Our scaly host introduces his tale as “a very pretty story.” Cut to an abortionist’s office, where we are treated to a rather graphic gynecological episode as Bibiane (Marie-Josee Croze) has an abortion. She’s a promiscuous gal, we soon learn, though this is her first visit to the office; her best friend (Stephanie Morganstern) has had two — “no, three,” she absent-mindedly corrects herself.
Bibiane feels some guilt and some residual morning sickness over the event, though her pal tells her not to. Guilt is useless, she says. What’s done is done. One nigh while driving in the rain, Bibiane hits the aforementioned fish guy with her car. Panicked, she leaves, unseen. The man later dies, and Bibiane realizes she’s responsible.
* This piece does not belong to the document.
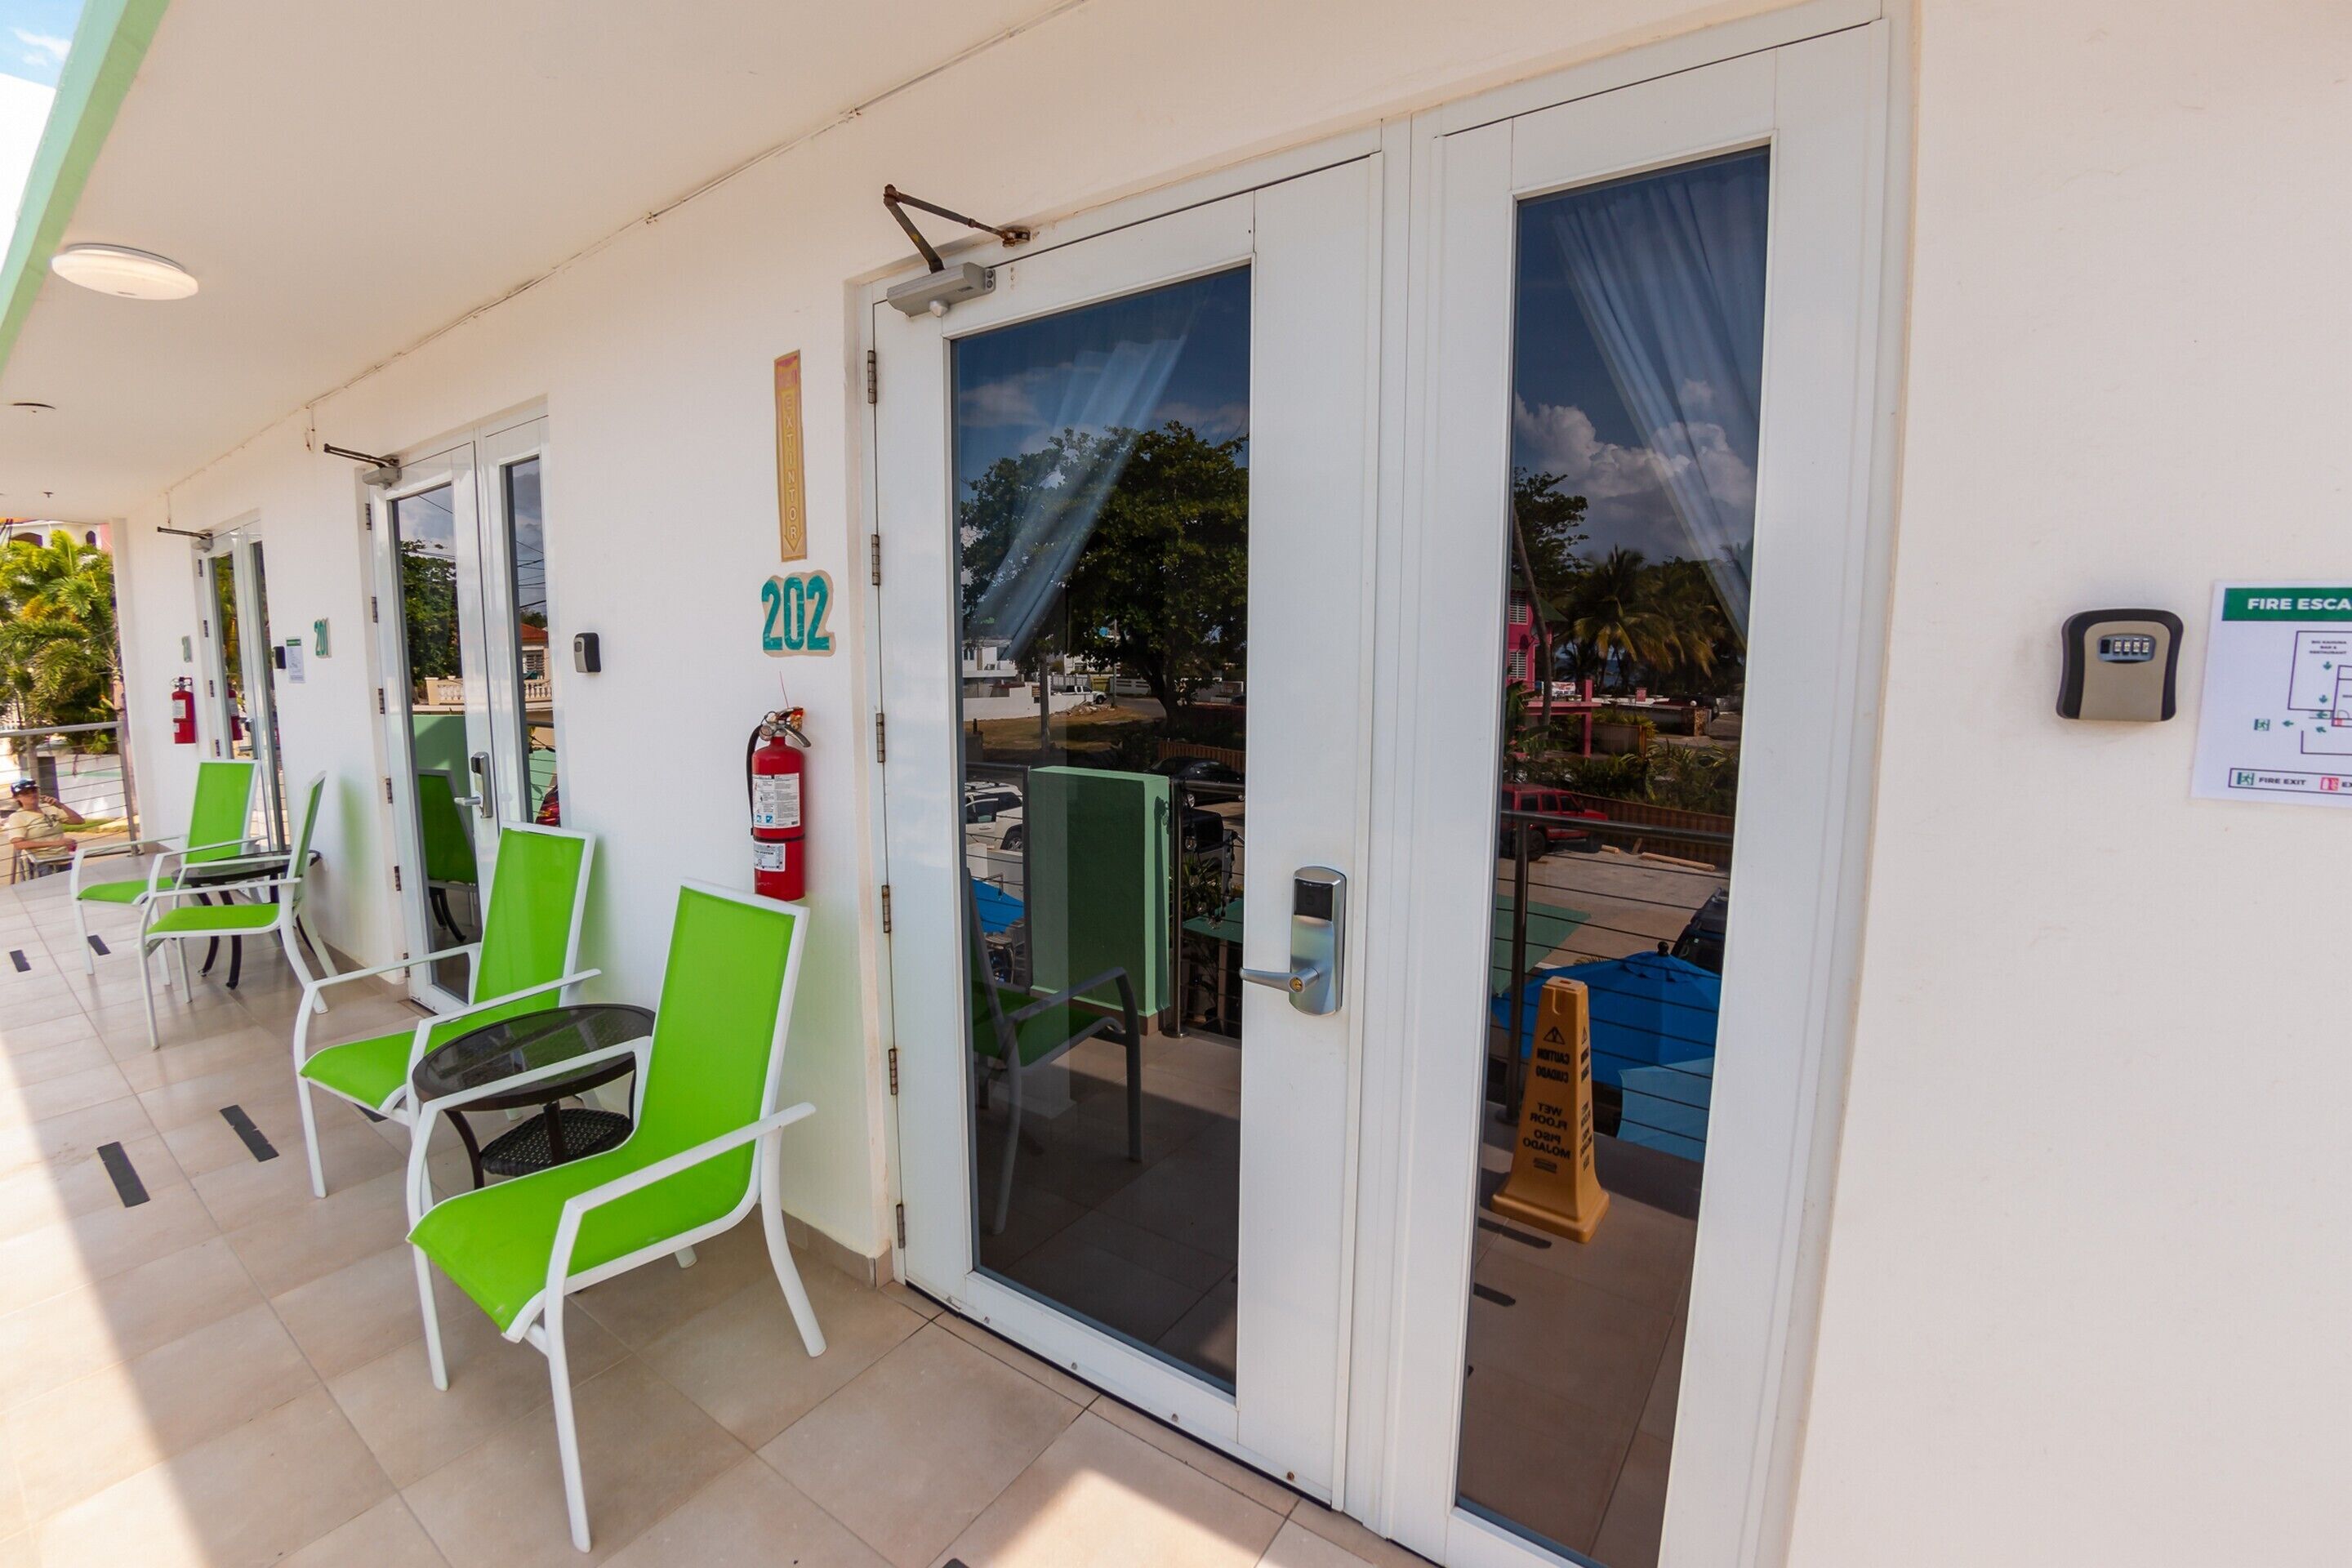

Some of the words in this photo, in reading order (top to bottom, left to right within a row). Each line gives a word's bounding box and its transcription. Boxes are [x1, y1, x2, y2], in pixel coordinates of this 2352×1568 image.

Now more guilty than ever, Bibiane can hardly cope with life. She leaves her job at a clothing store. She grows distant from her friends. Seeking to elude capture, she tries to push her car into the ocean, an act which turns into a last-minute half-hearted suicide attempt, too.
After she emerges, she meets Evian (Jean-Nicolas Verreault), who turns out to be the son of the dead man (whose murder was unsolved). They become lovers, but Bibiane still harbors terrible remorse, now complicated by her love for someone who, if he knew her secret, might reject her.
The film makes great use of music, particularly with the exaggeratedly operatic and bombastic strains heard when something especially dramatic happens. Villeneuve seems to take his subject matter seriously, but not without a certain healthy whimsy.
Some elements of the story are curiously unnecessary, however. Bibiane is revealed to be the daughter of someone famous, but that relates very little to the central theme. She is involved with her brother in some kind of business, too, but that also introduces more questions than it answers.
But the overall story is one of intriguing insight and emotion, well-acted by the cast and ambitiously directed by Villeneuve.